**WORK TO BE COMPLETED:** Restate the records below word for word.

**DATA TO PROCESS:**
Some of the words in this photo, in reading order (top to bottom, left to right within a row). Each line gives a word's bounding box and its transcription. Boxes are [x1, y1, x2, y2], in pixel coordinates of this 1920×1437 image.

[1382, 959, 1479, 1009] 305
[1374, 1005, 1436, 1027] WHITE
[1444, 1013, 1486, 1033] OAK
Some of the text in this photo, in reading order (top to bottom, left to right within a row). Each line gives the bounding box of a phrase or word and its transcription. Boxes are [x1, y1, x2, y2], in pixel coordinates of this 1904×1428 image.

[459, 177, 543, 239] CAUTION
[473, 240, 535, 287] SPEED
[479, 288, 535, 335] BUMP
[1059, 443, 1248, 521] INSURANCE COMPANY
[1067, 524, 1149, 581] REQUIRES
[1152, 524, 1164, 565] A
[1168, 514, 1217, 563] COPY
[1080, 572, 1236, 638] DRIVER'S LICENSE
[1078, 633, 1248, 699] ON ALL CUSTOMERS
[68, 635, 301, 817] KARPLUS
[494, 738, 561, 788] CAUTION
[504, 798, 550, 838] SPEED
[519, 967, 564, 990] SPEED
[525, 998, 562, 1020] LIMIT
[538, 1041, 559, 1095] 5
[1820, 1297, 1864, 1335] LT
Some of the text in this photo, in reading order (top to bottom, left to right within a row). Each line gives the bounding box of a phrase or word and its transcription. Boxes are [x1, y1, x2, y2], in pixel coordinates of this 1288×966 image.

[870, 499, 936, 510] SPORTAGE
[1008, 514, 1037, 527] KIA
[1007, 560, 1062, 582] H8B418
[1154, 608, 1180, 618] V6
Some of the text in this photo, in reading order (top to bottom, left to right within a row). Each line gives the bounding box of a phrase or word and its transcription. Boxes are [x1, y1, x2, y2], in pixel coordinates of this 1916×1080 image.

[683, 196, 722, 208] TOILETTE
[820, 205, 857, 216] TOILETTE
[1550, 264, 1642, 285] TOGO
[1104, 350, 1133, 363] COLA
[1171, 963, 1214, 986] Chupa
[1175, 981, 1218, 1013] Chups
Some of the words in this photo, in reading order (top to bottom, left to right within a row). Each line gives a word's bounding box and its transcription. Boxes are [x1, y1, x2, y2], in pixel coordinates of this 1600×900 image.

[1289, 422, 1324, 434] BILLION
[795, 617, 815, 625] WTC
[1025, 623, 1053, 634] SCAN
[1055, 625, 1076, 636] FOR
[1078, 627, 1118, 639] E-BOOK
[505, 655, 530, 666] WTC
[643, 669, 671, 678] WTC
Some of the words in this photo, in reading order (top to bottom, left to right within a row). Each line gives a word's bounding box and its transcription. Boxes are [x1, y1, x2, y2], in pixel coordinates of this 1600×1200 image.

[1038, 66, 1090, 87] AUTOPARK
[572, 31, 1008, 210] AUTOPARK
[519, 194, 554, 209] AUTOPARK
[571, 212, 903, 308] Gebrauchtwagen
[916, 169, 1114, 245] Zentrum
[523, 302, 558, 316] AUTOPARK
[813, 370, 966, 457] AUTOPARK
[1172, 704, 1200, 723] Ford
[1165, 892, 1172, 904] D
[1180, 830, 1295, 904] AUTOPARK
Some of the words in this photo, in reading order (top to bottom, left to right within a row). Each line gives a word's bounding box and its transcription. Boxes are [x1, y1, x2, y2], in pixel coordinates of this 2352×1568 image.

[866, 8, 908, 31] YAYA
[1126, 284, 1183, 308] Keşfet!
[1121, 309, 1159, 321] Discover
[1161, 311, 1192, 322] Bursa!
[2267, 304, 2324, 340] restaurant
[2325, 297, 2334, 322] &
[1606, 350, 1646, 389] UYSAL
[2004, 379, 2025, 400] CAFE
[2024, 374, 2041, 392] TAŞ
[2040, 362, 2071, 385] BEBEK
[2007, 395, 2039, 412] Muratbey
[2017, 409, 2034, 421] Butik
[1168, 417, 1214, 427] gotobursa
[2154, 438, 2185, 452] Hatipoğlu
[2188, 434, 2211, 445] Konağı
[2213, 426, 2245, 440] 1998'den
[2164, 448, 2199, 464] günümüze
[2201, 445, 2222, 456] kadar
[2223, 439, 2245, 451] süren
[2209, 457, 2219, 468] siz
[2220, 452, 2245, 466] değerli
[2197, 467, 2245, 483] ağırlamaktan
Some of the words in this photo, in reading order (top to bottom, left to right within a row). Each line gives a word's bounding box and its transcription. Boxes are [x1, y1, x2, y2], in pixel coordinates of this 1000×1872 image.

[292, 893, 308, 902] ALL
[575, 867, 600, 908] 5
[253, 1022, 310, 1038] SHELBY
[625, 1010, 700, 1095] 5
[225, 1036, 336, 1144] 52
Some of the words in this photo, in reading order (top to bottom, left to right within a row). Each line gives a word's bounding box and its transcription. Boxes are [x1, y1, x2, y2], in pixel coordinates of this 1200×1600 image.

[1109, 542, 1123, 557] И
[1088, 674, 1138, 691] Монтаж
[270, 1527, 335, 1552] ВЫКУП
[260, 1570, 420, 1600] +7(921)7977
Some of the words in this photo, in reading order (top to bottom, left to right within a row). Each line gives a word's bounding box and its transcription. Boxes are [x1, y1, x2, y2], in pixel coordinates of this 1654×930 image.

**WORKED SOLUTION:**
Some of the words in this photo, in reading order (top to bottom, left to right within a row). Each line gives a word's bounding box and its transcription. Boxes are [x1, y1, x2, y2], in pixel coordinates of this 1920×1437 image.

[1382, 959, 1479, 1009] 305
[1374, 1005, 1436, 1027] WHITE
[1444, 1013, 1486, 1033] OAK
Some of the text in this photo, in reading order (top to bottom, left to right within a row). Each line gives the bounding box of a phrase or word and its transcription. Boxes are [x1, y1, x2, y2], in pixel coordinates of this 1904×1428 image.

[459, 177, 543, 239] CAUTION
[473, 240, 535, 287] SPEED
[479, 288, 535, 335] BUMP
[1059, 443, 1248, 521] INSURANCE COMPANY
[1067, 524, 1149, 581] REQUIRES
[1152, 524, 1164, 565] A
[1168, 514, 1217, 563] COPY
[1080, 572, 1236, 638] DRIVER'S LICENSE
[1078, 633, 1248, 699] ON ALL CUSTOMERS
[68, 635, 301, 817] KARPLUS
[494, 738, 561, 788] CAUTION
[504, 798, 550, 838] SPEED
[519, 967, 564, 990] SPEED
[525, 998, 562, 1020] LIMIT
[538, 1041, 559, 1095] 5
[1820, 1297, 1864, 1335] LT
Some of the text in this photo, in reading order (top to bottom, left to right within a row). Each line gives the bounding box of a phrase or word and its transcription. Boxes are [x1, y1, x2, y2], in pixel coordinates of this 1288×966 image.

[870, 499, 936, 510] SPORTAGE
[1008, 514, 1037, 527] KIA
[1007, 560, 1062, 582] H8B418
[1154, 608, 1180, 618] V6
Some of the text in this photo, in reading order (top to bottom, left to right within a row). Each line gives the bounding box of a phrase or word and its transcription. Boxes are [x1, y1, x2, y2], in pixel coordinates of this 1916×1080 image.

[683, 196, 722, 208] TOILETTE
[820, 205, 857, 216] TOILETTE
[1550, 264, 1642, 285] TOGO
[1104, 350, 1133, 363] COLA
[1171, 963, 1214, 986] Chupa
[1175, 981, 1218, 1013] Chups
Some of the words in this photo, in reading order (top to bottom, left to right within a row). Each line gives a word's bounding box and its transcription. Boxes are [x1, y1, x2, y2], in pixel coordinates of this 1600×900 image.

[1289, 422, 1324, 434] BILLION
[795, 617, 815, 625] WTC
[1025, 623, 1053, 634] SCAN
[1055, 625, 1076, 636] FOR
[1078, 627, 1118, 639] E-BOOK
[505, 655, 530, 666] WTC
[643, 669, 671, 678] WTC
Some of the words in this photo, in reading order (top to bottom, left to right within a row). Each line gives a word's bounding box and its transcription. Boxes are [x1, y1, x2, y2], in pixel coordinates of this 1600×1200 image.

[1038, 66, 1090, 87] AUTOPARK
[572, 31, 1008, 210] AUTOPARK
[519, 194, 554, 209] AUTOPARK
[571, 212, 903, 308] Gebrauchtwagen
[916, 169, 1114, 245] Zentrum
[523, 302, 558, 316] AUTOPARK
[813, 370, 966, 457] AUTOPARK
[1172, 704, 1200, 723] Ford
[1165, 892, 1172, 904] D
[1180, 830, 1295, 904] AUTOPARK
Some of the words in this photo, in reading order (top to bottom, left to right within a row). Each line gives a word's bounding box and its transcription. Boxes are [x1, y1, x2, y2], in pixel coordinates of this 2352×1568 image.

[866, 8, 908, 31] YAYA
[1126, 284, 1183, 308] Keşfet!
[1121, 309, 1159, 321] Discover
[1161, 311, 1192, 322] Bursa!
[2267, 304, 2324, 340] restaurant
[2325, 297, 2334, 322] &
[1606, 350, 1646, 389] UYSAL
[2004, 379, 2025, 400] CAFE
[2024, 374, 2041, 392] TAŞ
[2040, 362, 2071, 385] BEBEK
[2007, 395, 2039, 412] Muratbey
[2017, 409, 2034, 421] Butik
[1168, 417, 1214, 427] gotobursa
[2154, 438, 2185, 452] Hatipoğlu
[2188, 434, 2211, 445] Konağı
[2213, 426, 2245, 440] 1998'den
[2164, 448, 2199, 464] günümüze
[2201, 445, 2222, 456] kadar
[2223, 439, 2245, 451] süren
[2209, 457, 2219, 468] siz
[2220, 452, 2245, 466] değerli
[2197, 467, 2245, 483] ağırlamaktan
Some of the words in this photo, in reading order (top to bottom, left to right within a row). Each line gives a word's bounding box and its transcription. Boxes are [x1, y1, x2, y2], in pixel coordinates of this 1000×1872 image.

[292, 893, 308, 902] ALL
[575, 867, 600, 908] 5
[253, 1022, 310, 1038] SHELBY
[625, 1010, 700, 1095] 5
[225, 1036, 336, 1144] 52
Some of the words in this photo, in reading order (top to bottom, left to right within a row). Each line gives a word's bounding box and its transcription. Boxes are [x1, y1, x2, y2], in pixel coordinates of this 1200×1600 image.

[1109, 542, 1123, 557] И
[1088, 674, 1138, 691] Монтаж
[270, 1527, 335, 1552] ВЫКУП
[260, 1570, 420, 1600] +7(921)7977
Some of the words in this photo, in reading order (top to bottom, left to right within a row). Each line gives a word's bounding box and its transcription. Boxes are [x1, y1, x2, y2], in pixel coordinates of this 1654×930 image.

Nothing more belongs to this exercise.